[Spatial localization data]
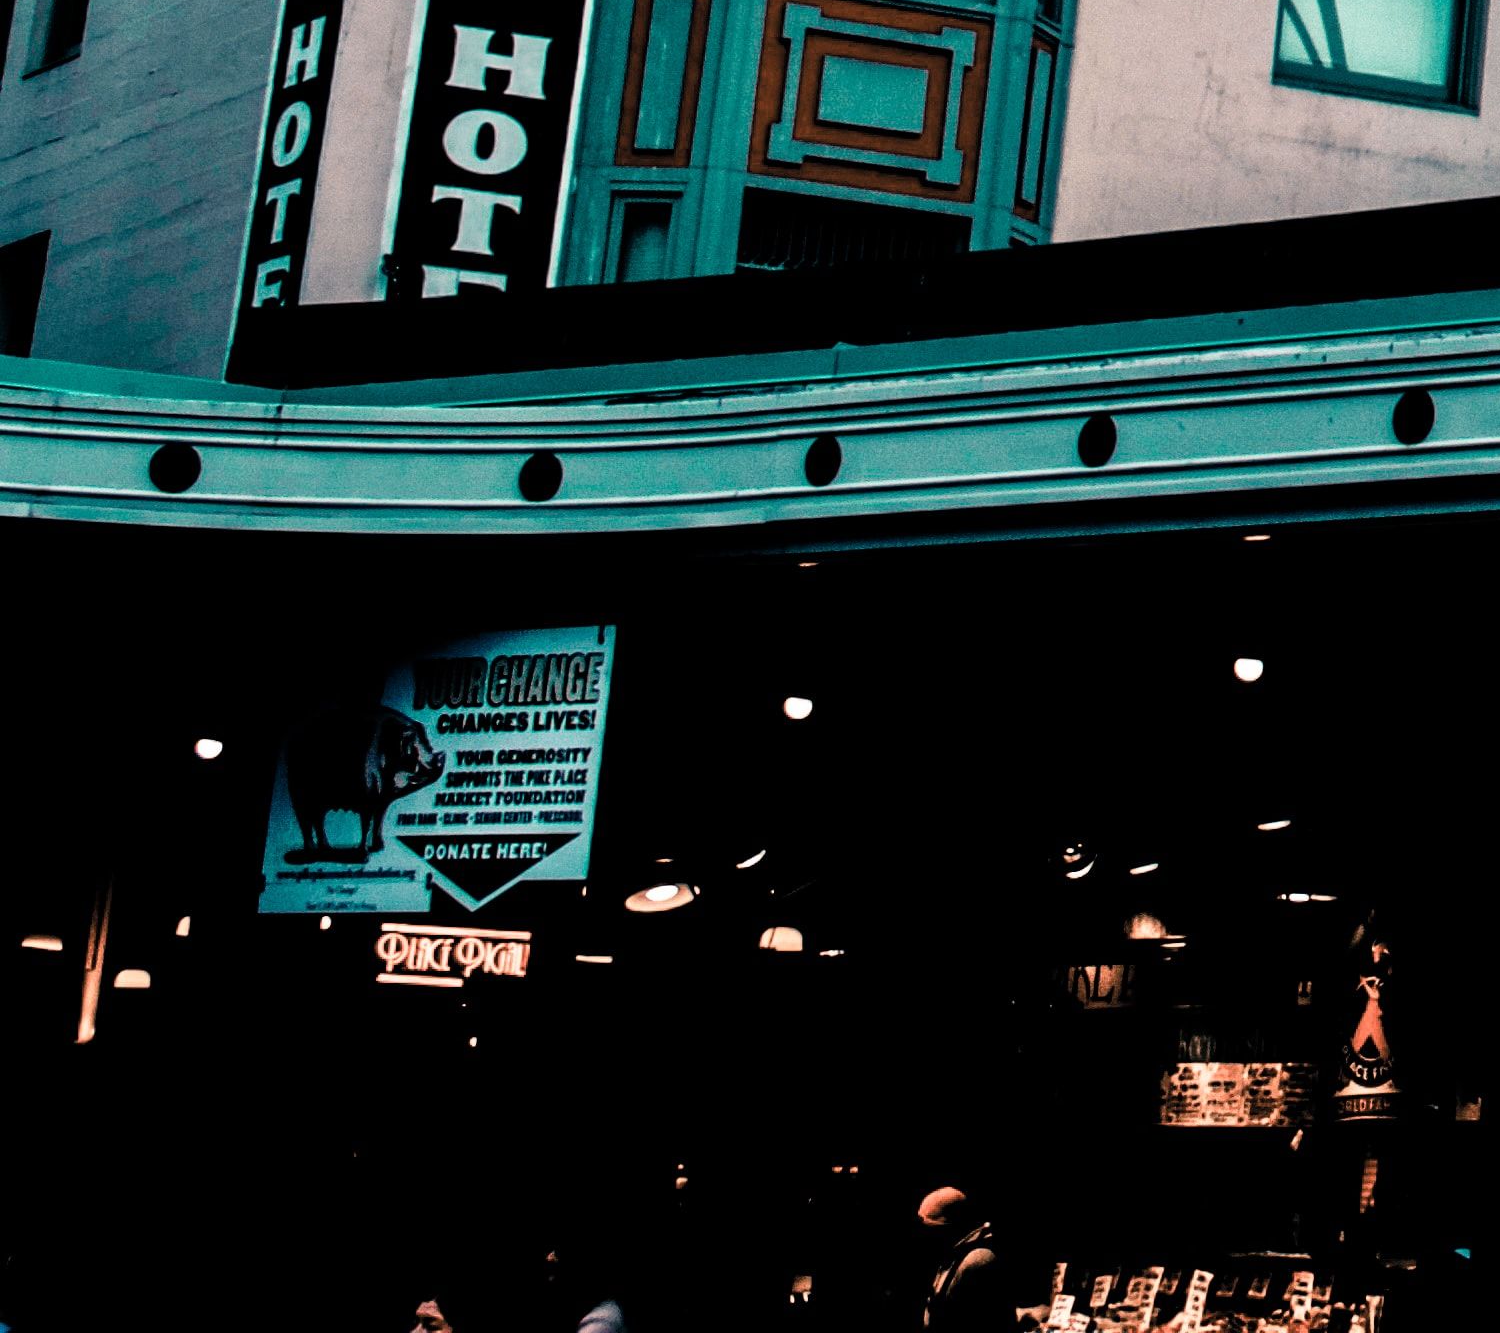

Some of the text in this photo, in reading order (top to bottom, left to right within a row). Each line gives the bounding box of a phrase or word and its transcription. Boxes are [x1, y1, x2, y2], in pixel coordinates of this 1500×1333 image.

[414, 652, 605, 709] OUR CHANGE
[437, 709, 597, 734] CHANGES LIVES!
[456, 747, 592, 765] YOUR GENEROSITY
[445, 768, 588, 788] SUPPORTS THE PIKE PLACE
[434, 789, 587, 806] MARKET FOUNDATION
[423, 842, 548, 861] DONATE HERE!

- [EXERCISE PROMPT]: Every entry above is to be printed again exactly, pictures omitted.

- [RESPONSE BELOW]:
Some of the text in this photo, in reading order (top to bottom, left to right within a row). Each line gives the bounding box of a phrase or word and its transcription. Boxes are [x1, y1, x2, y2], in pixel coordinates of this 1500×1333 image.

[414, 652, 605, 709] OUR CHANGE
[437, 709, 597, 734] CHANGES LIVES!
[456, 747, 592, 765] YOUR GENEROSITY
[445, 768, 588, 788] SUPPORTS THE PIKE PLACE
[434, 789, 587, 806] MARKET FOUNDATION
[423, 842, 548, 861] DONATE HERE!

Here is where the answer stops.